A study from two business school professors concludes that CEO interviews on business news network CNBC rarely result in any news being disclosed.
Kristina Peterson of The Wall Street Journal writes, “A study that culled from almost 7,000 interviews with chief executives on CNBC over nearly a decade found a recurring pattern: the stock surged on the day the company’s head gave an interview to the business news cable television channel, then dropped right back down over the next 10 trading days.
“The study conducted by University of Kansas School of Business assistant professor Felix Meschke and Nanyang Business School professor Young Han Kim focused on CNBC interviews with chief executives because they wanted to study the media’s effect on stocks without actual, pesky news getting in the way. Given the legal restraints around what CEOs can say without getting sued, their CNBC interviews from 1997 to 2006 turned out to be a vast goldmine, Meschke said in an interview.

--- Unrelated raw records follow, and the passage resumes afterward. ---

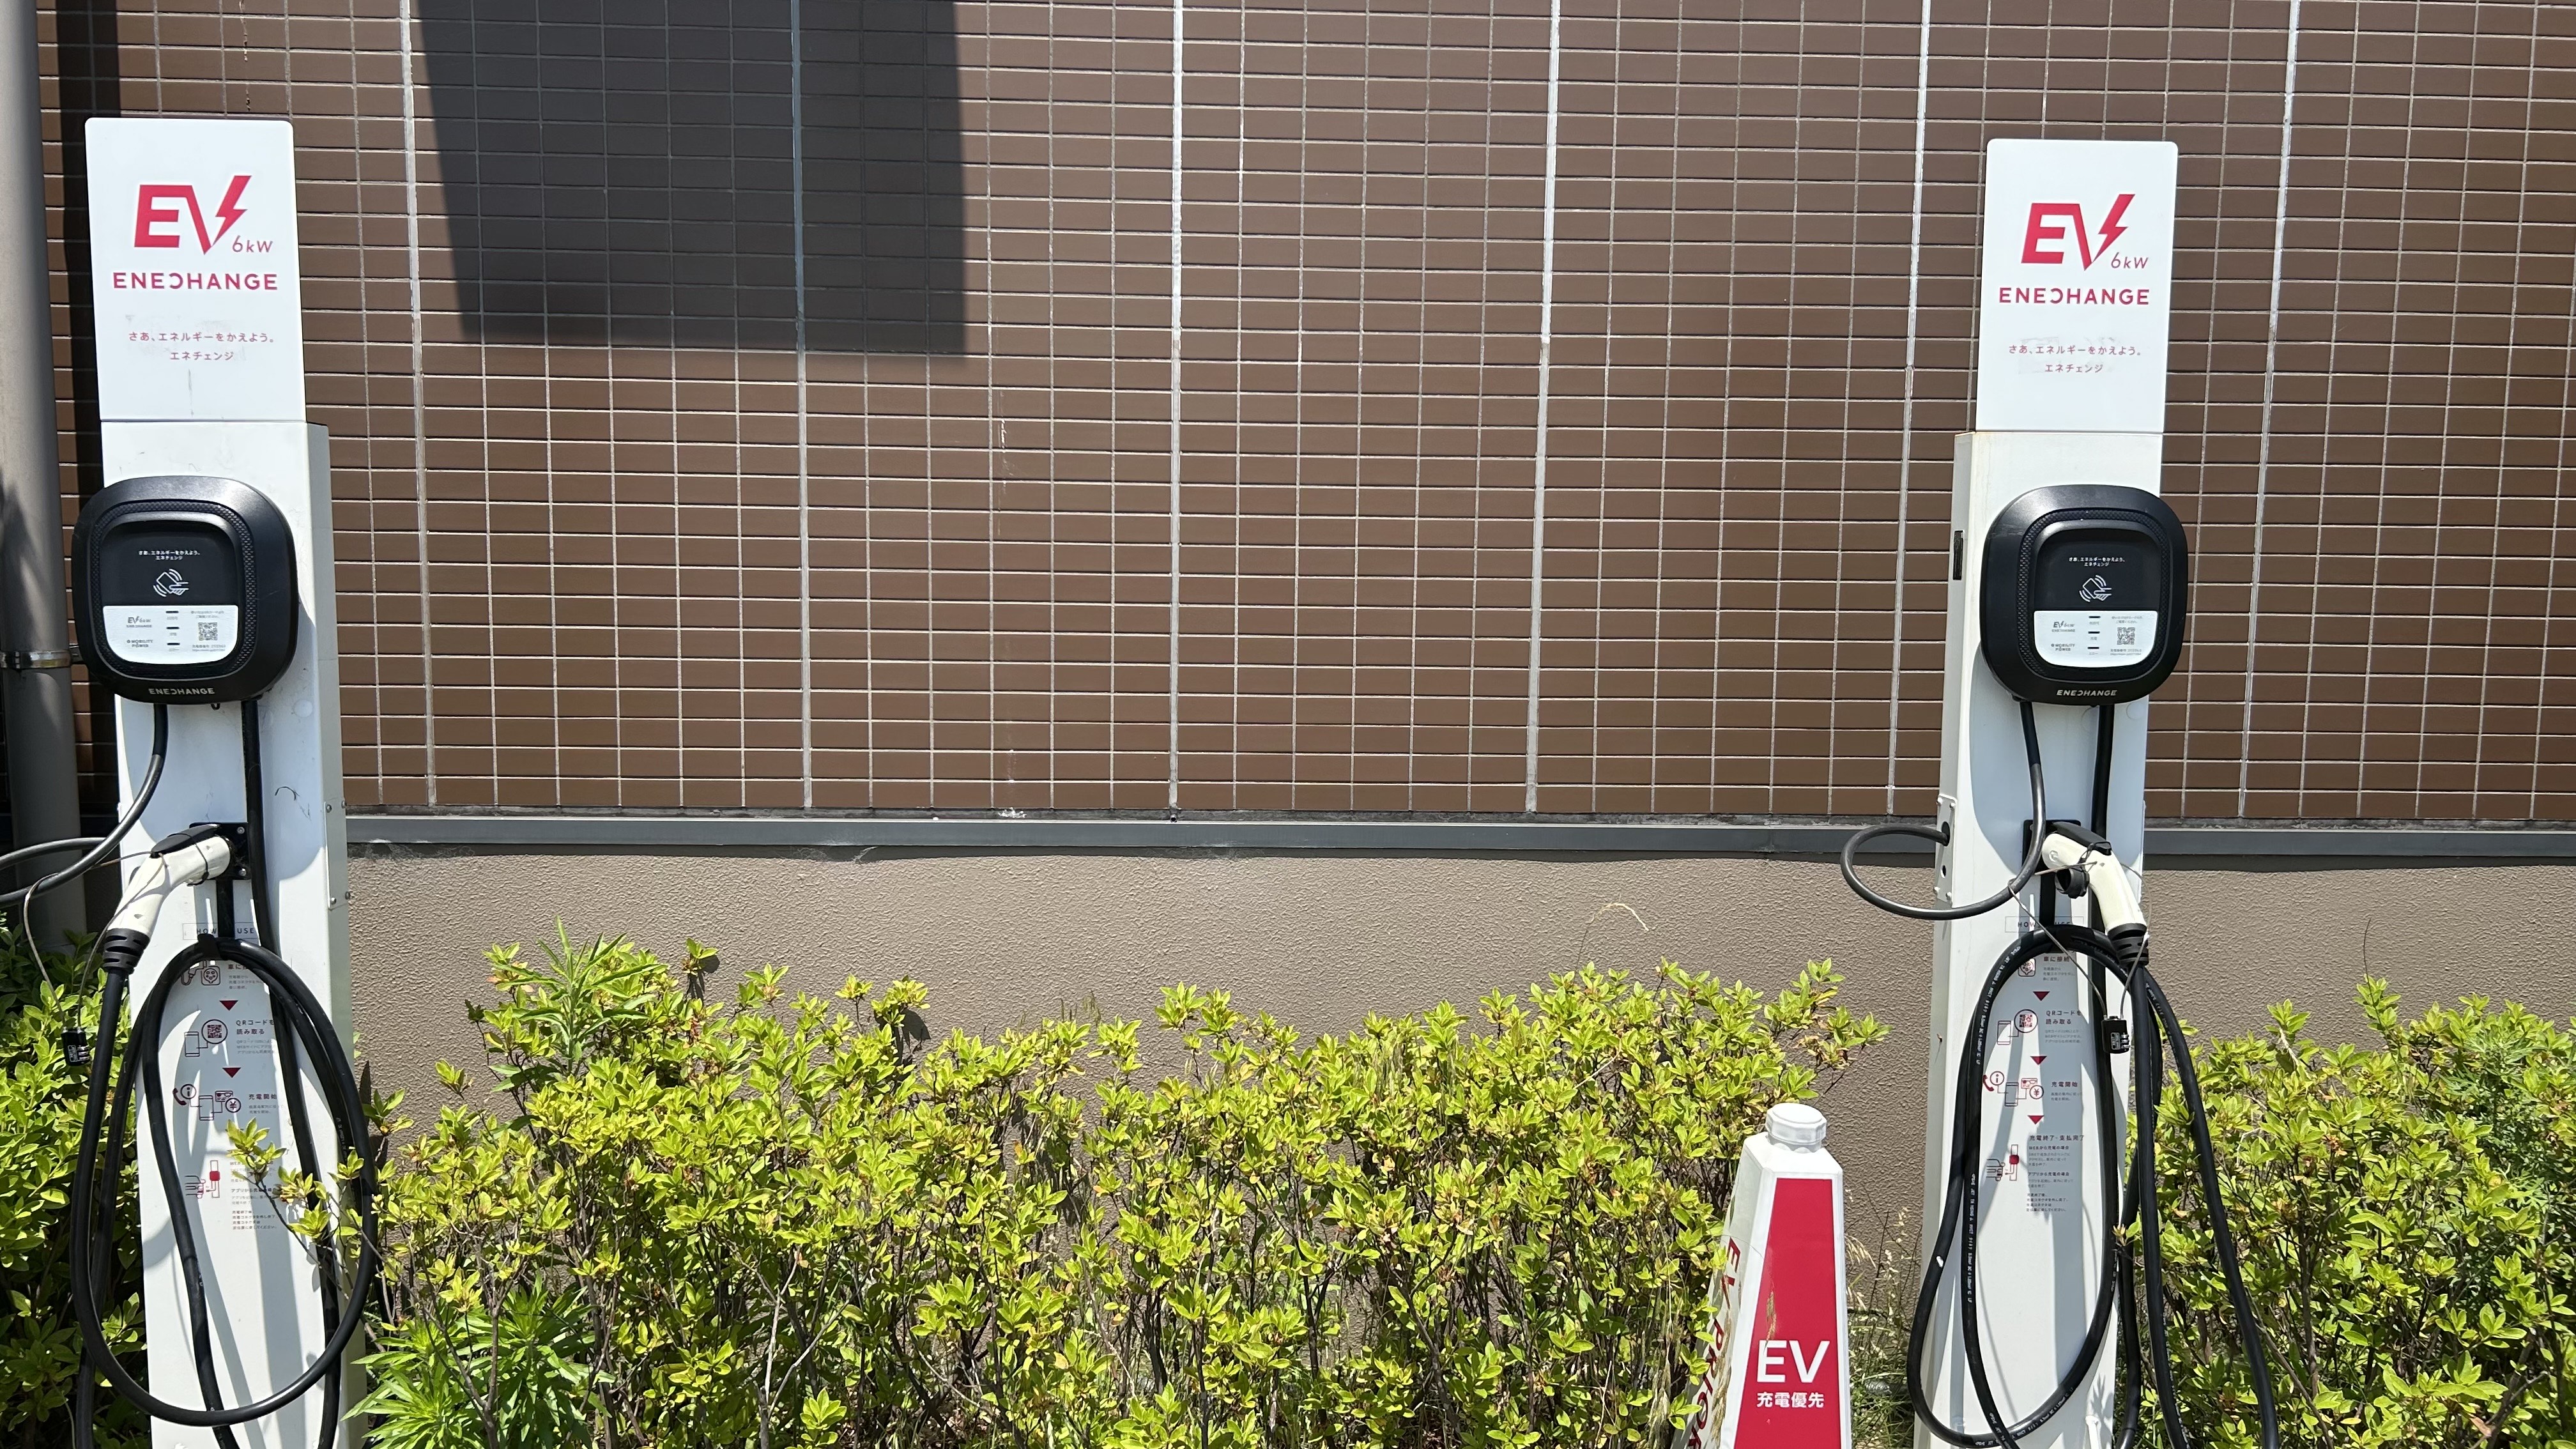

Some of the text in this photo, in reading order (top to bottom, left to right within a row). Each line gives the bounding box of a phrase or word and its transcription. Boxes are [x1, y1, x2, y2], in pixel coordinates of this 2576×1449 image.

[134, 175, 273, 255] EV 6kW
[2021, 194, 2149, 272] EV 6kW
[112, 272, 278, 290] ENECHANGE
[1999, 288, 2149, 305] ENECHANGE
[128, 331, 275, 342] さあ、エネルギーをかえよう。
[170, 351, 234, 361] エネチェンジ
[2009, 345, 2142, 356] さあ、エネルギーをかえよう。
[2044, 364, 2103, 373] エネチェンジ
[1756, 1340, 1830, 1383] EV
[1756, 1391, 1825, 1408] 充電優先

“‘They are a great laboratory experiment of something that looks like a news event but doesn’t actually disseminate new information,’ he said. ‘We have something that’s almost pure media attention and really not much substance.’

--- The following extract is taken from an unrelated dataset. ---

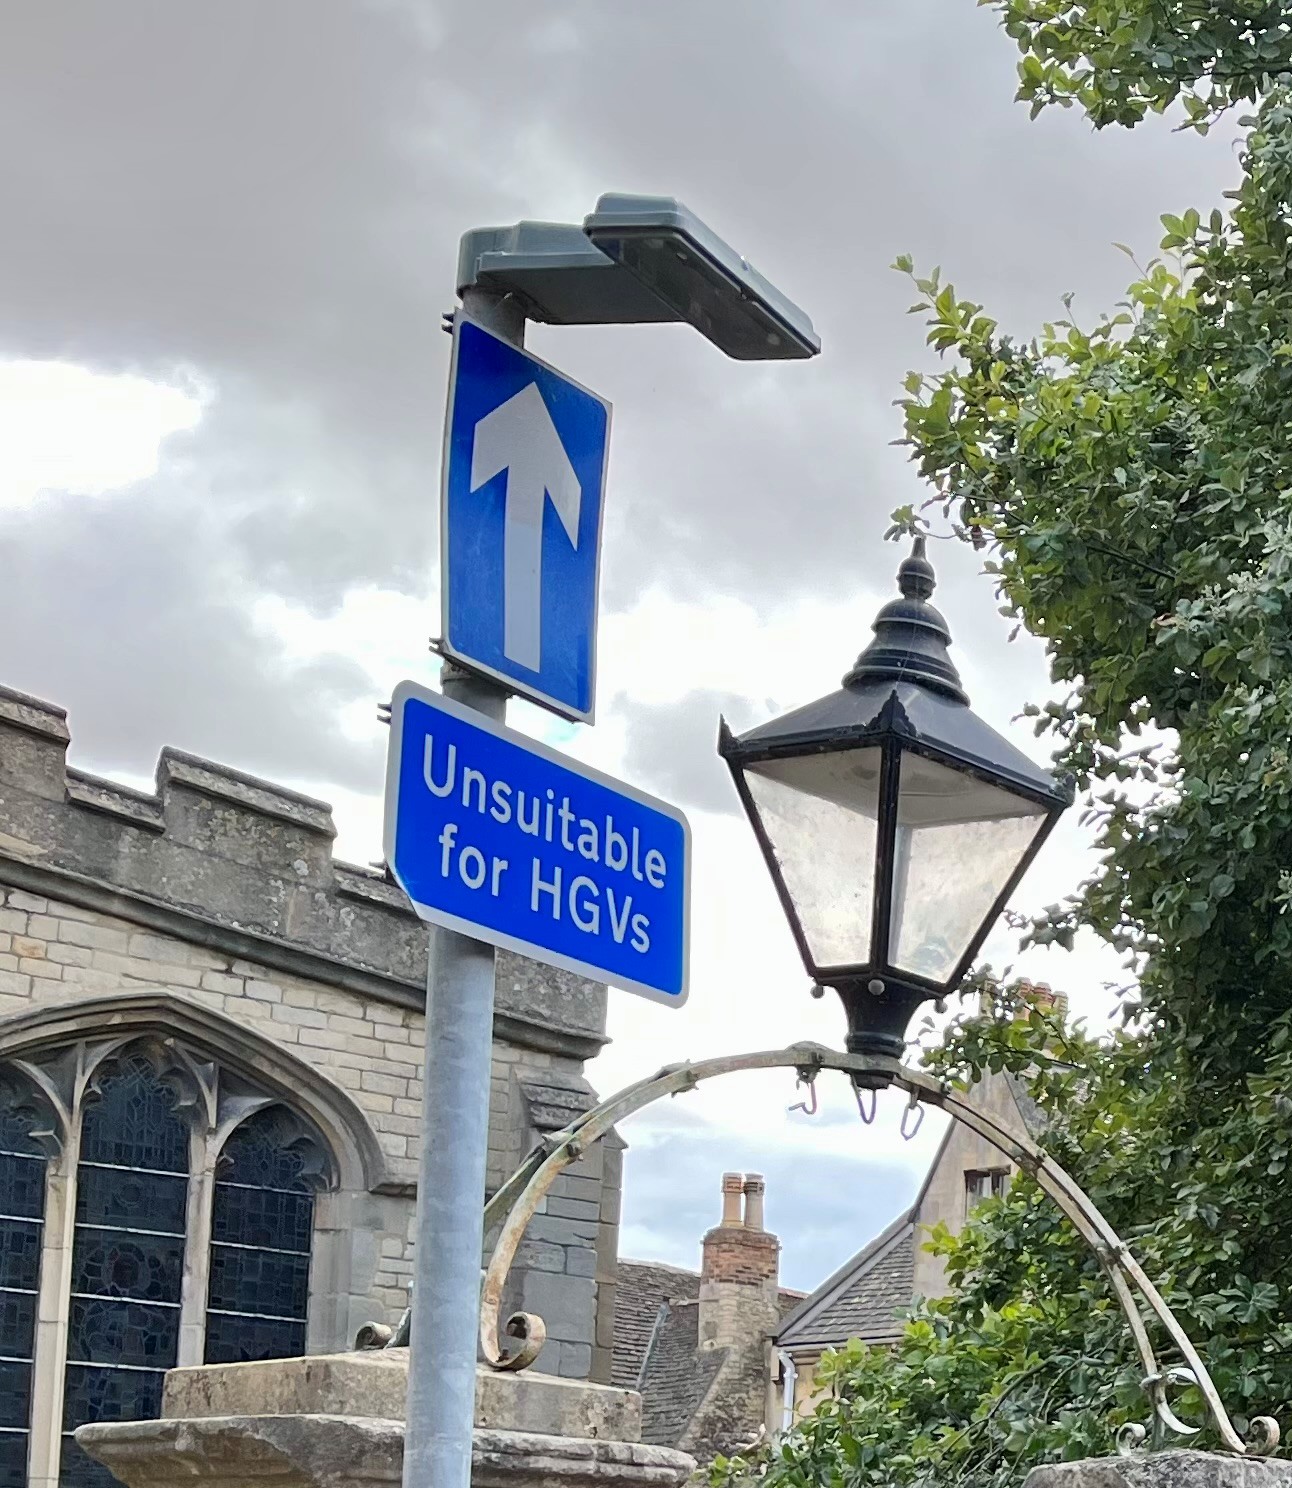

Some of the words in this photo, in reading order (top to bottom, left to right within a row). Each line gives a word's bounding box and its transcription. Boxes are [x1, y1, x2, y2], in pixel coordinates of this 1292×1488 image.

[422, 733, 667, 889] Unsuitable
[438, 823, 508, 897] for
[530, 856, 650, 954] HGVs

“CNBC declined to comment.
“While some have speculated that the media on its own can contribute to financial bubbles, Meschke and Kim largely found otherwise in their working paper, recently posted on the Social Science Research Network. On days when a chief executive was interviewed and the company had no other significant event, its stock price did tend to jump, as buying climbed among individual investors, as measured by a trade size between $1 and $5,000. But with the exception of companies with little analyst coverage, the stock price then generally reversed over the next 10 trading sessions.”